*** RECORDS PROVIDED ***

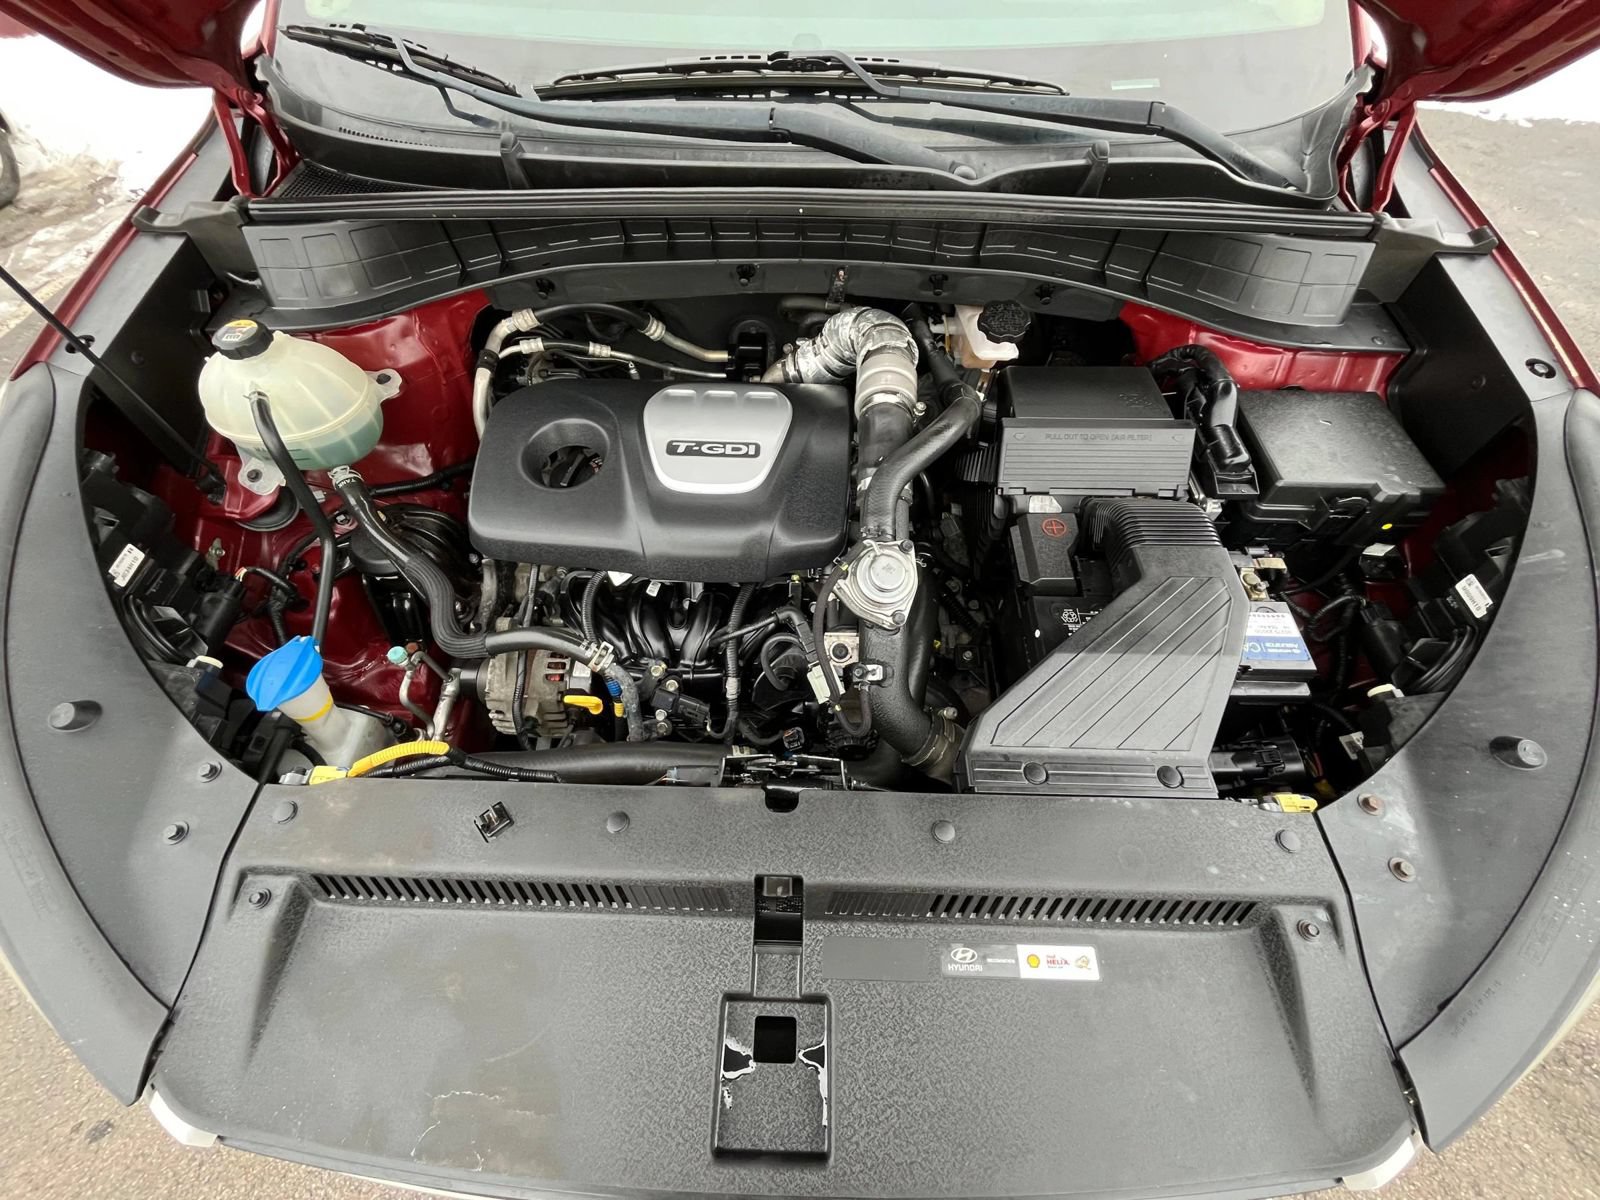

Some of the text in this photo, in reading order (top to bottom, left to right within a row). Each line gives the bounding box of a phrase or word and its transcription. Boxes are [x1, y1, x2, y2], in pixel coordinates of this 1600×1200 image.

[1045, 432, 1063, 441] PULL
[1064, 432, 1078, 441] OUT
[1079, 433, 1089, 441] TO
[1090, 433, 1108, 441] OPEN
[671, 441, 756, 456] T-GDI
[338, 478, 357, 489] TANK
[947, 963, 983, 972] HYUNDAI

*** End of RECORDS PROVIDED ***

**WHAT TO WORK ON:** With images excluded, write the records above out again exactly.

**THE COMPLETED TASK:**
Some of the text in this photo, in reading order (top to bottom, left to right within a row). Each line gives the bounding box of a phrase or word and its transcription. Boxes are [x1, y1, x2, y2], in pixel coordinates of this 1600×1200 image.

[1045, 432, 1063, 441] PULL
[1064, 432, 1078, 441] OUT
[1079, 433, 1089, 441] TO
[1090, 433, 1108, 441] OPEN
[671, 441, 756, 456] T-GDI
[338, 478, 357, 489] TANK
[947, 963, 983, 972] HYUNDAI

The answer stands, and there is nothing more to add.